Tuesday, 17 December 2013

World War Two monuments buried on Grain

A couple of years ago a development company hit a sticky wicket in Gillingham. Right in the middle of their proposed construction site was a set of Dragon's teeth, put in place to slow the advance of German armoured vehicles if the Wehrmacht had landed during World War Two. This really caught my attention at the time as my Grandfather, Corperal Alfred Pullen, had been working on the defences of Gillingham and Chatham in 1940 and had more than likely put them there with his team of Sappers. They had also put the large Concrete block outside what was the Town hall in Chatham.

The Dragon Teeth were built across much of Kent and have sadly been cleared following the war.
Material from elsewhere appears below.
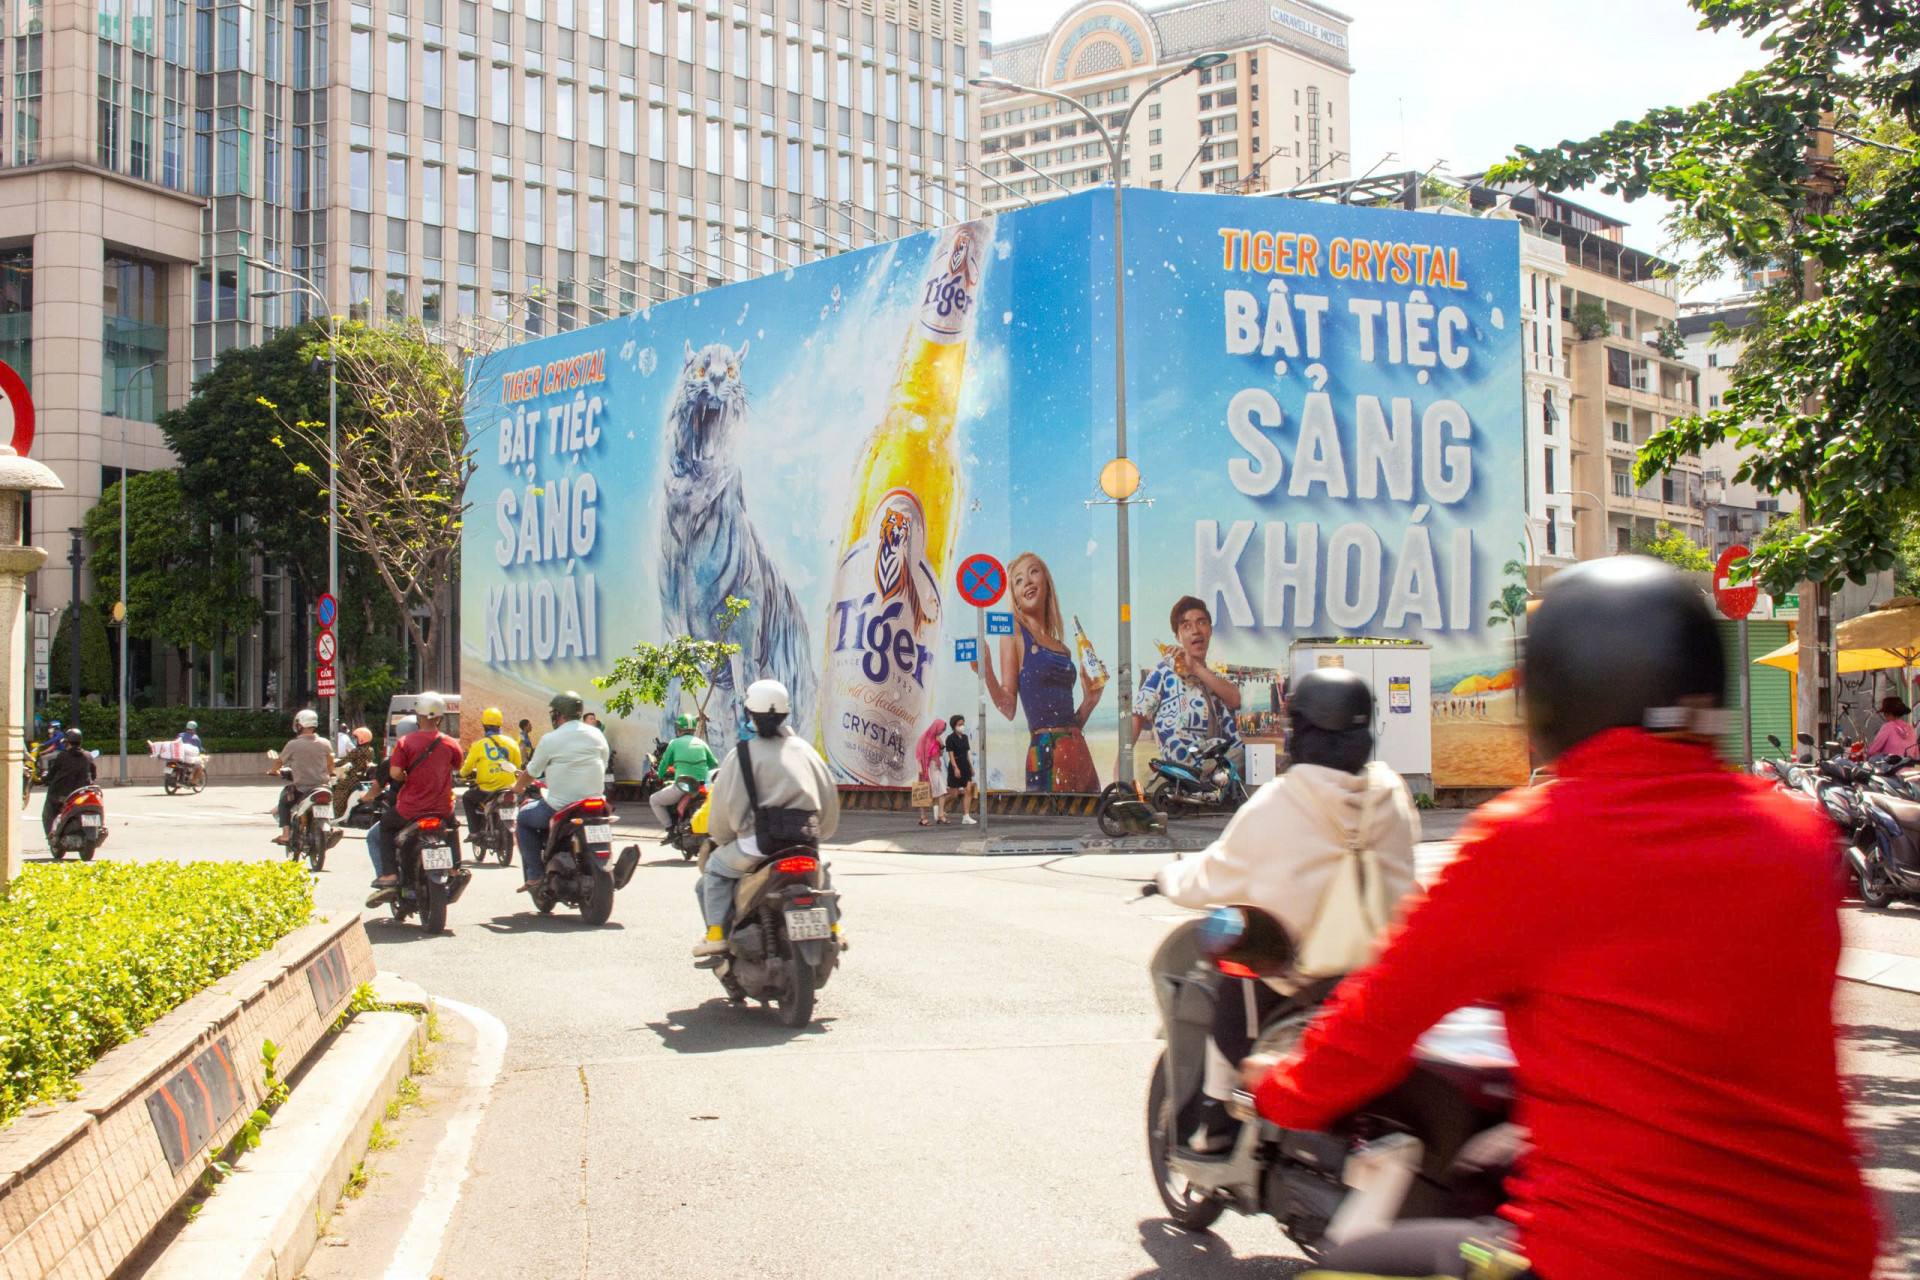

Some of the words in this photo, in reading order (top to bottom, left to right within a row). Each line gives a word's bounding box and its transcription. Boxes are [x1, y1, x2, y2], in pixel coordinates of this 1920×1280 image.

Their design to hamper the enemy also hampered civil usage of roads, fields and beaches!

They do, however, survive in areas and have now been Listed as grade II as items of special interest. One surviving group is situated on the Isle of Grain and these have been defiled recently. The Grain Group stretch for some 570 meters along the north foreshore and have been  listed because amongst all the usual models there is also exceptionally rare Caltrops as well as anti-tank pimples on Concrete sleeper grid. They are listed with number 1019955.  According to local sources (and photographs that hit the web) they have been buried under a large amount of top soil that has been dumped on the beach.

Rumour has it that the soil was put there to cover up more older refuse and waste that has been there for as long as 40 years and may be leaching out into the river.

English Heritage have been contacted about the possible damage and the covering of the World War Two and they have asked Medway Council to look into it, I understand the Environmental officers have been tasked with this process. I have also heard that Peel Ports and the LRG, who own the land and are thus responsible for the upkeep of the beach and the monuments, have also been contacted by the Council.

As the history of this nation is slowly eroded by progress and time it is important to cling on to those monuments that do bear significance are properly maintained and restored. I trust that those responsible are held to account and this area restored to the way it was swiftly.

I also trust that there are no pollutants or waste under the soil, should there be then this makes a bad situation far, far worse.